Seriously, though. that's something I never encountered before. Falling asleep like that, so suddenly. It did if I'd been up for hours on end (60 hours straight at the GCDU one time, was so tired I told them to suck my dick and the old douche bag Z can have my fucking job". Yes I said that, damn near verbatim. Luckily I kept my job. As I say, the only time I've dropped off like I do now, I was totally exhausted. Right now, I fall out if I'm exhausted, sitting in my recliner, or trying to find something to watch on the boob tube. (They say boob tube, but I've not seen a boob one, excluding Skinamax, and I don't like to count that, only the stuff my kids could watch or watch with me. If they are asleep, I've got no problem watching skinamax all by myself. With the falling asleep like I do, I'm afraid that something bad is going to happen. God, I hope not. On the positive side, I can't syphon gasoline any longer, since without a soft palate, having to plug the trach tube, hold my nose, and honestly barely able after all that to even get the gasoline moving.

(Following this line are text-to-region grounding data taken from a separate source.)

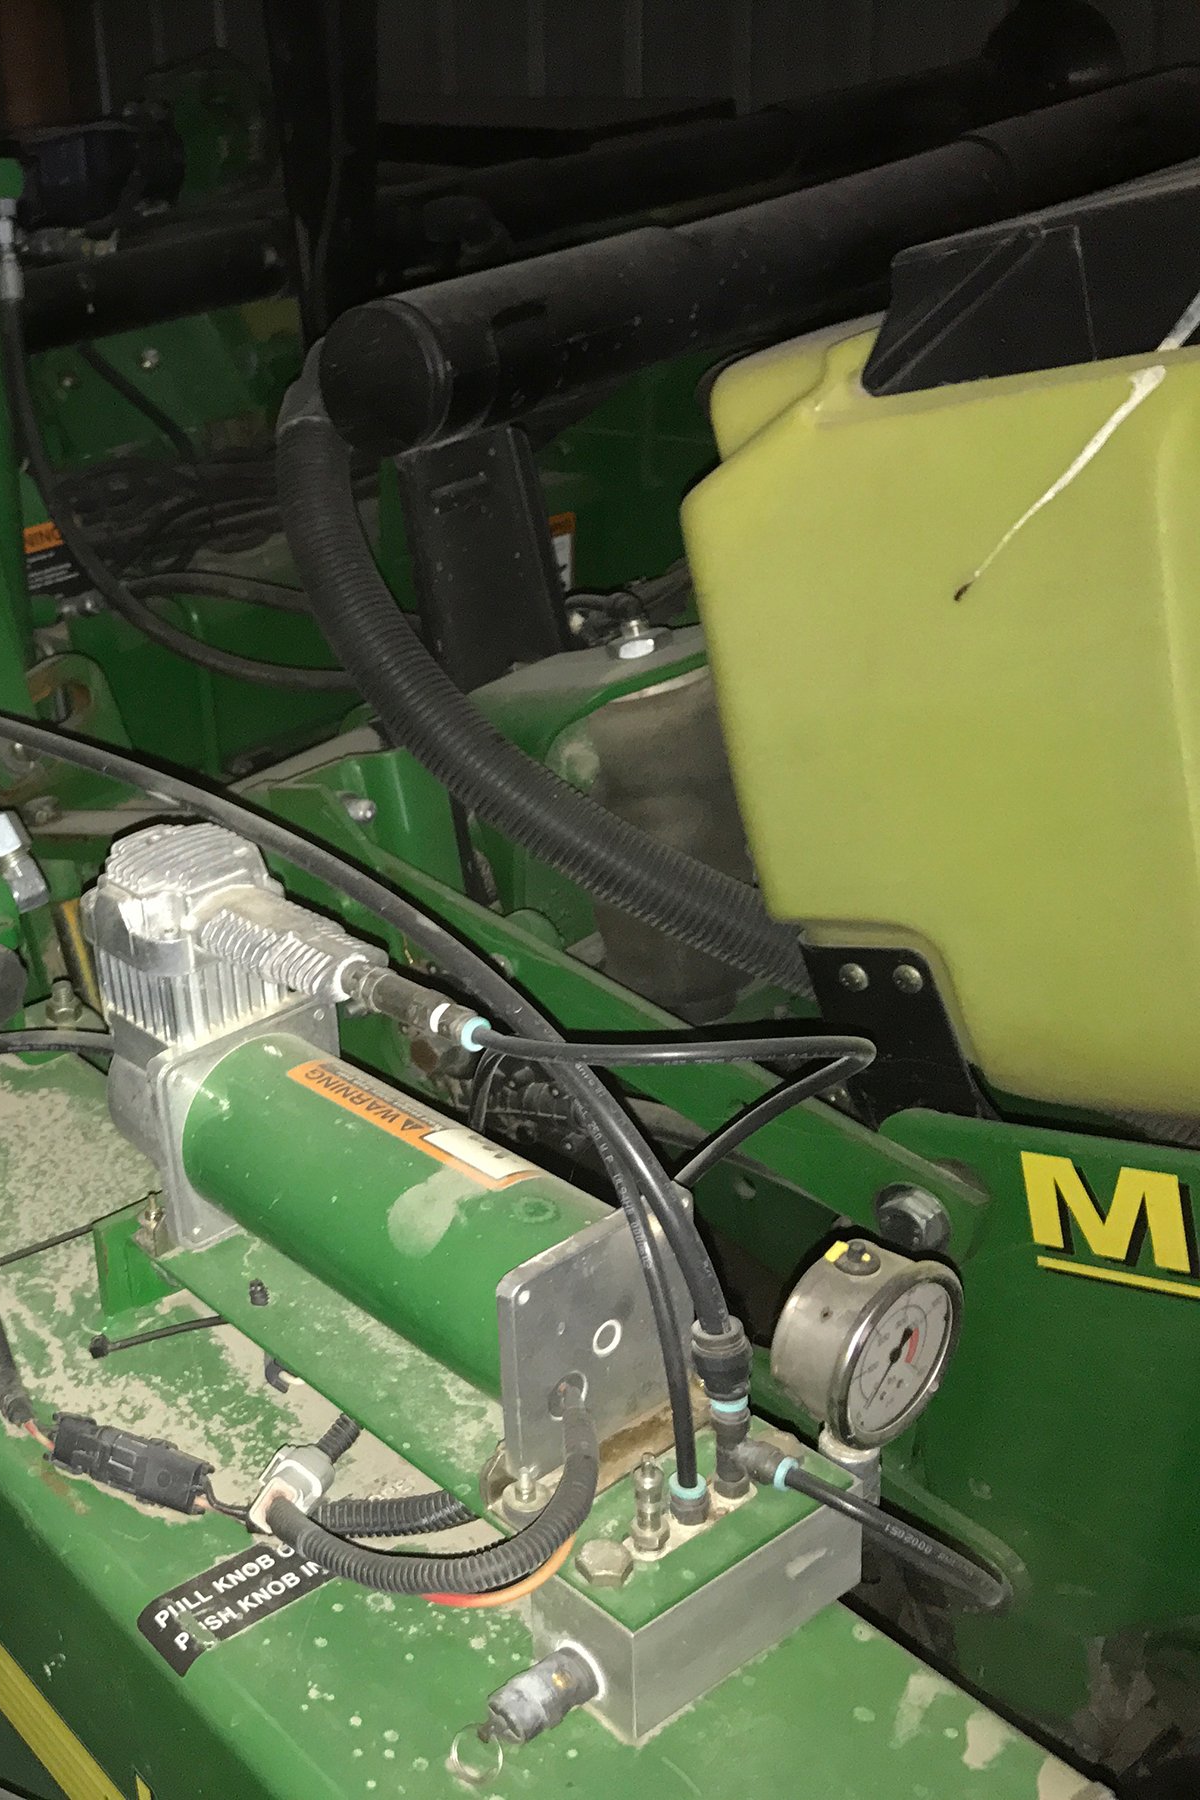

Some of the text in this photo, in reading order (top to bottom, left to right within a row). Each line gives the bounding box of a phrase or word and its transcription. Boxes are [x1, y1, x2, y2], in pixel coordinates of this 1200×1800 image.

[304, 1068, 400, 1123] WARNING
[1020, 1150, 1196, 1275] M
[154, 1589, 214, 1629] PULL
[211, 1554, 276, 1594] KNOB
[174, 1606, 239, 1651] PSH
[236, 1572, 301, 1613] KNOB

Positive side: I won't be swallowing any gas. Funny how I can find something good in all the shit I can find that's wrong. "What kind of fooooool am " (no, I still can't sing a note, even if my life meant being able to do that. Just shoot me now, rather than have to face the embarrassment.
I'm going to warn you now, if you're squeamish, don't check this out on Facebook, no way no how. This is the part that shows you on a personal level that I've warned about before. I've mentioned before that sometimes the gross shit will show up. I've been a bit lax in that department so on Facebook I'll play catch up. It's not going to be pretty. We'll go from there. Why do I say "We"? Because I'm in this boat with all of you. Sadly enough, I am forced to see all the fucking nasty, gruesome, shit because I'm living it. Things get tough, I ain't shittin ya, when you have to work around all the crap going on with your own little body. (Or as Jonathan Winters used to say 'Allllllll over my little boooooody'." I see how much I've lost as far as fat and muscle mass I've lost over this gig. I lost, Some of you have asked, and I've said "I'd rather not, it makes me uncomfortable and is embarrassing." Not for me entirely, but for some folks out there in "Never Never Land". But, I had a dream last night that had my old man, his dad, and a couple of other men I respected and always looked to please them. Not because they demanded that I work like that in order to keep them happy. Making certain people have a good day isn't in my "Golly!!! I've got to work harder and better to keep these guys happy! I do it because it pushes me to be a better employee and person." A side bar, if I may. It bothers me so because I've got a point to compare the "Fuck I'm Healthy", to "Fuck me, I'm disappearing". This is where my vanity kicks in, and reality bitch slaps the flying fuck out of me, and what makes me sad on some days.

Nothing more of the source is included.